We applied 1D-PAGE coupled with LC-MS/MS to the study of the airway epithelium proteome and its response to cigarette smoke exposure. This study presents the first proteomic profile of a relatively pure population of bronchial epithelial cells obtained from bronchoscopy brushings. We also used differences in the rate of protein detection between never and current smokers to identify candidates for proteins that vary in abundance in response to tobacco-smoke exposure. The effect of smoking on several of these proteins was confirmed by Western blot. We also found that for many candidates, smoking similarly affected expression of the mRNA transcripts that gave rise to these proteins. This was accomplished by measuring gene expression in the same samples that were profiled at the proteomic level and in an independent data set. The majority of proteins identified by LC-MS/MS had detectable levels of their corresponding transcript by microarray. Differing methodologies may account for the stronger relationship between protein and gene expression reported here relative to prior studies
Analysis of the proteome using 1D-PAGE coupled with LC-MS/MS resulted in the detection of 41 proteins for which expression of corresponding transcripts was not detected by microarray. Some of these failures to detect transcript expression could represent technical limitations of the microarray platform. However, we were intrigued that several of the proteins whose transcripts were not detected by microarray represent erythrocyte-specific proteins. This suggests that: 1) the airway epithelial samples collected for this study were likely contaminated with erythrocytes, and 2) that more generally, stable proteins may be detected by proteomic methods long after the mRNA which encodes for them has disappeared.

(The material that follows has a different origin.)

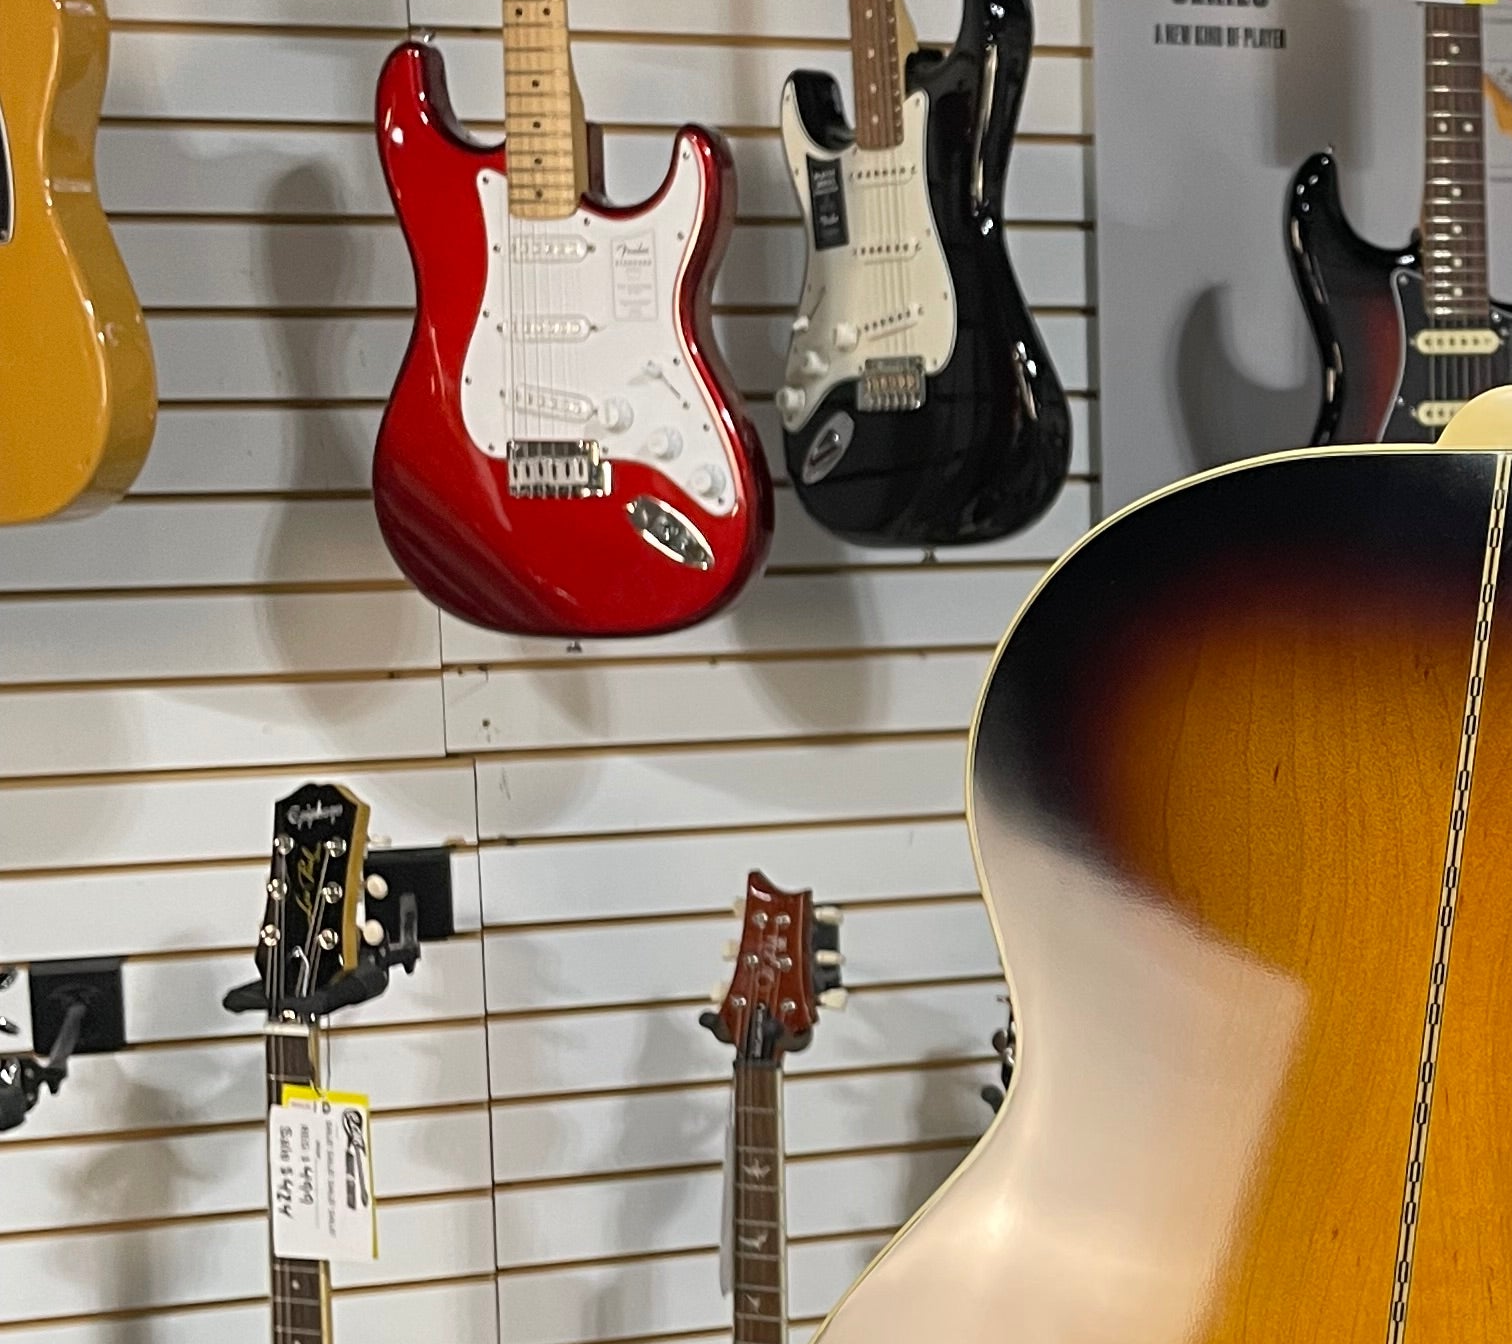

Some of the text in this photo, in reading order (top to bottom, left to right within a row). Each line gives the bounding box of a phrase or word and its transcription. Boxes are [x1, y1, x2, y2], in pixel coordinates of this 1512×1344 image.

[1154, 23, 1164, 46] A
[287, 799, 344, 831] Epiphone
[280, 1125, 293, 1162] Sale

Using habitual smoking as a paradigm for inhalational exposures affecting airway epithelium, we have identified changes in protein among smokers by LC-MS/MS and validated select changes with Western blotting. A decrease in the short isoform of PLUNC has previously been described in the pooled nasal lavage fluid of current smokers when compared with nonsmokers
. Although the exact function of this protein is unclear, it is thought to act in the inflammatory response to inhaled irritants such as tobacco smoke. Other studies have demonstrated decreased levels of uteroglobin, an anti-inflammatory protein secreted by Clara cells, in the BAL
, pooled nasal lavage fluid
, and serum
of healthy smokers and in the bronchial epithelium of former smokers with COPD undergoing lung transplantation
. P4HB has been detected in a proteomic analysis of cell surface proteins of a lung adenocarcinoma cell line
and in the 2DE-proteomic analysis of resected lung adenocarcinomas
. This protein may function in the anti-oxidant response to cigarette smoke
. Other proteins with oxidoreductase activity identified by this approach, such as ALDH3B1, have not previously been linked to cigarette smoking at the protein level but may function in the airway epithelial response to the toxins in cigarette smoke. None of the proteins differentially detected in smokers in this study overlapped with proteins previously described as differentially expressed in the lungs of Winstar rats exposed to cigarette smoke
, or proteins differentially detected by 2DE/MALDI-TOF in a human pneumocyte cell line exposed to cigarette smoke extract
This study was limited by a relatively small sample size, the sensitivity of the proteomic technique, and challenges in the quantification of proteins. While age was a confounding variable in this study, the gene expression changes in the airway epithelium of never and current smokers were validated using age-matched samples from current and never smokers in a previously published gene-expression study 
, suggesting that the association between smoking-status and both gene and protein expression is unlikely to be due to differences in patient age. The amount of time elapsed between last smoking a cigarette and bronchoscopy was not recorded, and some of the variability of protein levels in Western blotting might relate to potential differences to the acute versus chronic effects of cigarette smoke. Although the small sample size limited the statistical analysis, Western blotting validated differences in protein detection identified by LC-MS/MS suggesting the method's potential specificity. However, the power of our study to detect additional proteomic changes that occurred in response to cigarette smoke exposure was limited. The sensitivity of this technology allowed detection of 859 proteins with a false positive rate of 1%. While this represents a small percentage of the total proteins present in epithelial cells, we have identified a greater number of proteins than previously used methods of sample collection and proteomic analysis for smokers and nonsmokers
. Because of the uncertainties associated with label-free quantification methods for the determination of protein expression levels, this platform serves mainly as a discovery tool. However, promising efforts in this area, including correlation of peak intensity or spectral counts with protein abundance, may soon remove this limitation
In summary, we have described the proteomic profile of normal bronchial epithelial cells using 1D-PAGE coupled with LC-MS/MS and linked this profile to smoking-induced transcriptional changes in these same cells. This approach has the potential to provide additional insight into host response to tobacco smoke and the pathogenesis of smoking-related lung disease.